§ TASK REQUIREMENTS: What you return should match the entries below exactly, only without the images.

___ MATERIAL PROVIDED ___

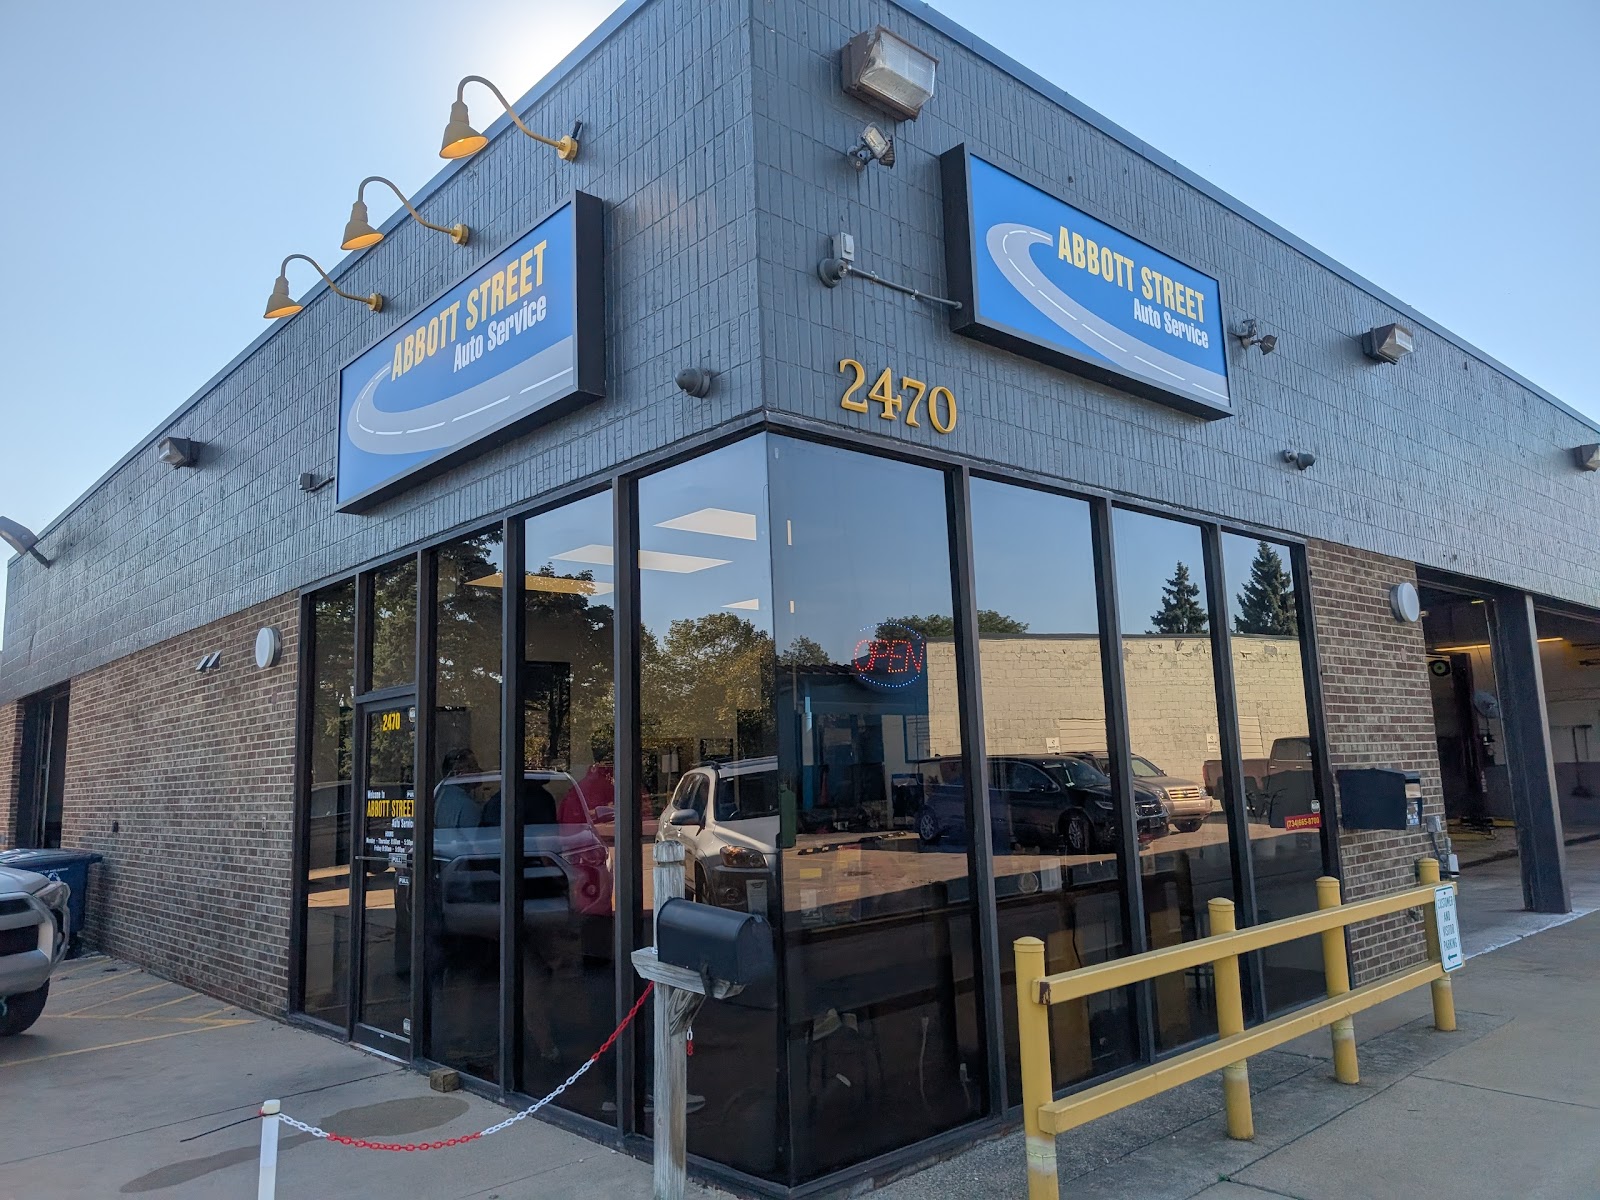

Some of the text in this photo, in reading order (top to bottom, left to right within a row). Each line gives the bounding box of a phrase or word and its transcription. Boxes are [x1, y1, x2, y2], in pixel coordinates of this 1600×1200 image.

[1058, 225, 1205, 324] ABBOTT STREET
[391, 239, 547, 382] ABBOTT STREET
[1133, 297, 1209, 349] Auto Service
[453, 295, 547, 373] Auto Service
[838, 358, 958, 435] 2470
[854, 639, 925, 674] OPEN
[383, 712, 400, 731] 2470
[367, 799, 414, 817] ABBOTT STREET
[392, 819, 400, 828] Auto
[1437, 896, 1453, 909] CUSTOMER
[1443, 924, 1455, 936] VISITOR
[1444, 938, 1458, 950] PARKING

___

§ ANSWER TO THE EXERCISE:
Some of the text in this photo, in reading order (top to bottom, left to right within a row). Each line gives the bounding box of a phrase or word and its transcription. Boxes are [x1, y1, x2, y2], in pixel coordinates of this 1600×1200 image.

[1058, 225, 1205, 324] ABBOTT STREET
[391, 239, 547, 382] ABBOTT STREET
[1133, 297, 1209, 349] Auto Service
[453, 295, 547, 373] Auto Service
[838, 358, 958, 435] 2470
[854, 639, 925, 674] OPEN
[383, 712, 400, 731] 2470
[367, 799, 414, 817] ABBOTT STREET
[392, 819, 400, 828] Auto
[1437, 896, 1453, 909] CUSTOMER
[1443, 924, 1455, 936] VISITOR
[1444, 938, 1458, 950] PARKING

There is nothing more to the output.